[[ EXTRACTED INFORMATION, beginning ]]
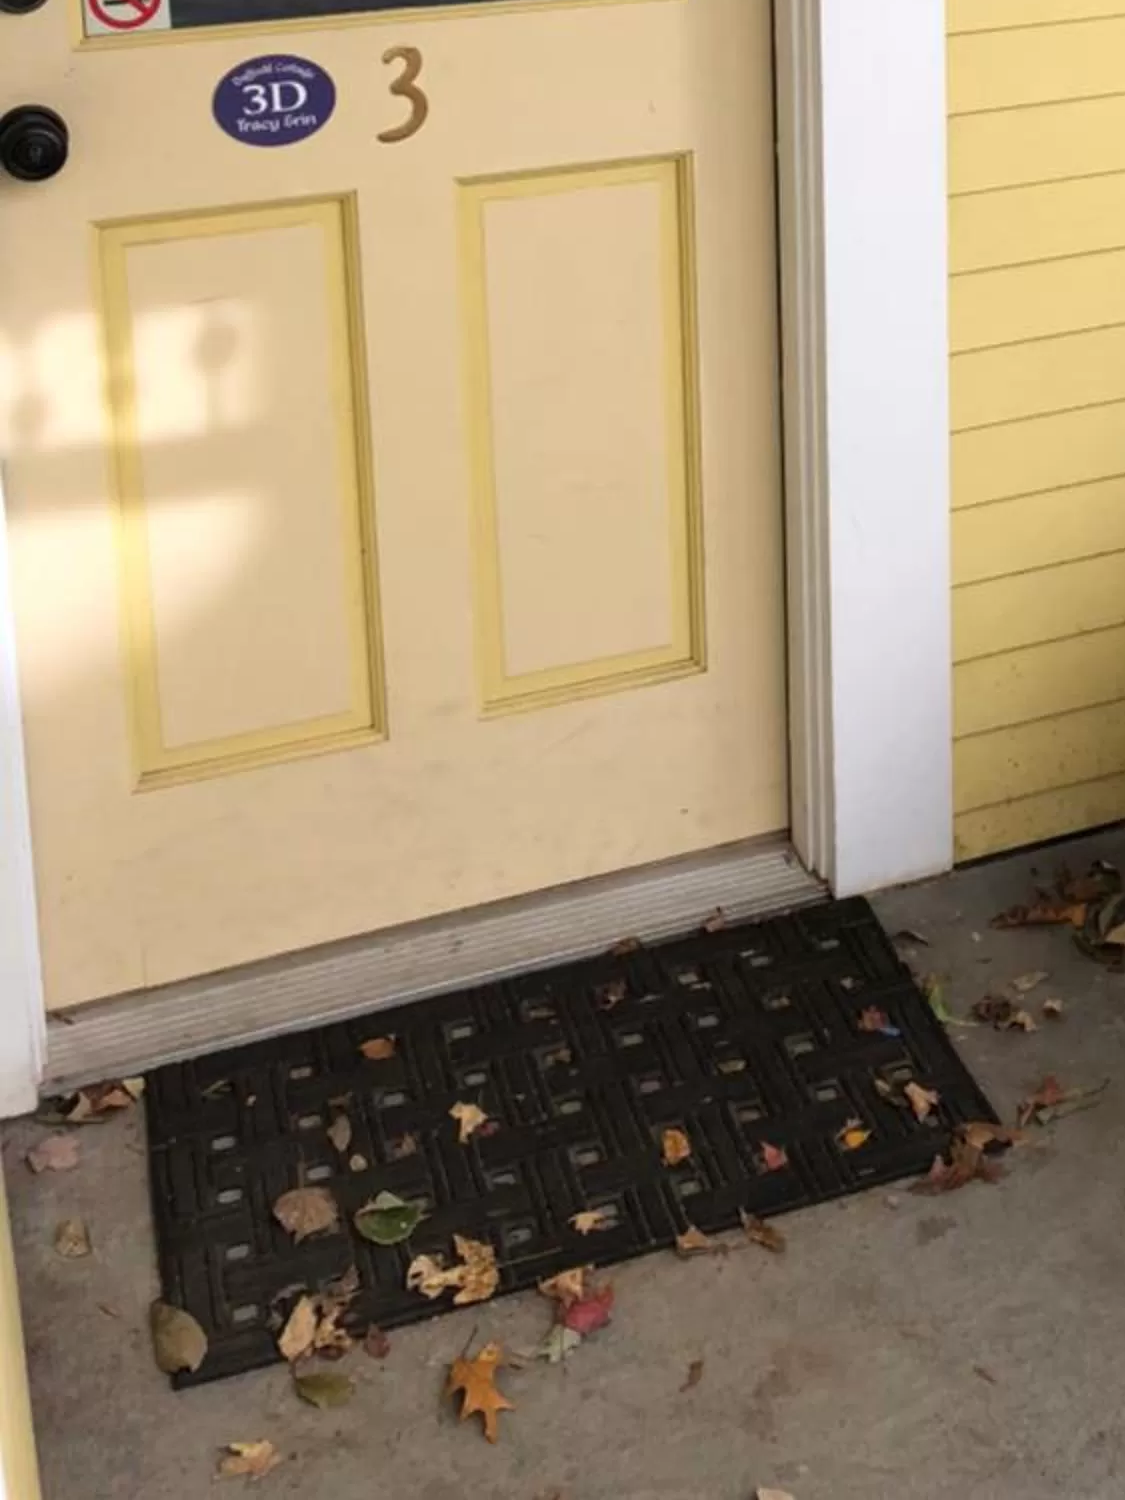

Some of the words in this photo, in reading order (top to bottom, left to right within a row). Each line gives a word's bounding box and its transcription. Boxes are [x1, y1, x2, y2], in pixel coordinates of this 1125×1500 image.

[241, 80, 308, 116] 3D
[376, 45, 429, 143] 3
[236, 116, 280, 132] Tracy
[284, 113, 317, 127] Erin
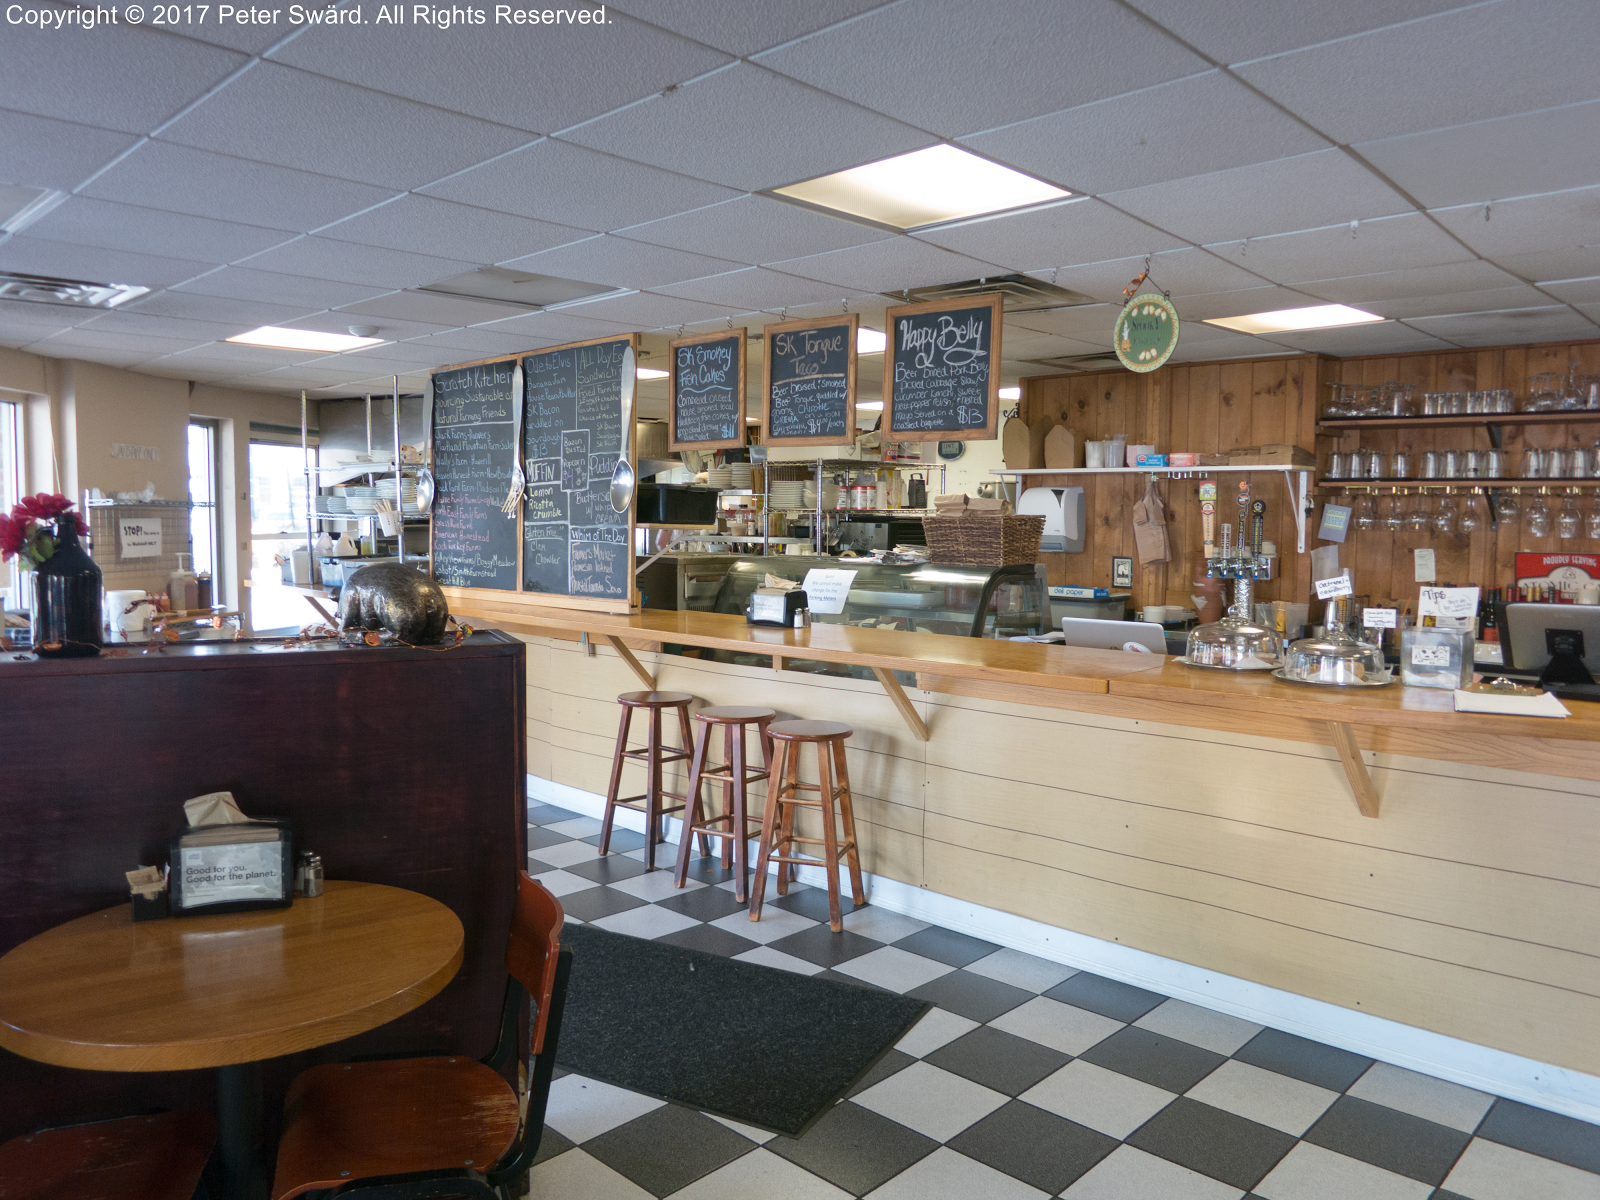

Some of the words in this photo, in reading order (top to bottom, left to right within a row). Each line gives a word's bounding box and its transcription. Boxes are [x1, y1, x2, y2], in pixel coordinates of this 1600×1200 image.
[[ EXTRACTED INFORMATION, end ]]
• **TASK PROMPT**: Print the material above once more, exactly, minus the pictures.

• **REPLY**:
Some of the words in this photo, in reading order (top to bottom, left to right within a row). Each line gives a word's bounding box and its transcription. Boxes are [x1, y1, x2, y2], in pixel coordinates of this 1125×1500 image.

[241, 80, 308, 116] 3D
[376, 45, 429, 143] 3
[236, 116, 280, 132] Tracy
[284, 113, 317, 127] Erin

Some of the words in this photo, in reading order (top to bottom, left to right within a row). Each line gives a word's bounding box and its transcription. Boxes are [x1, y1, x2, y2], in pixel coordinates of this 1600×1200 image.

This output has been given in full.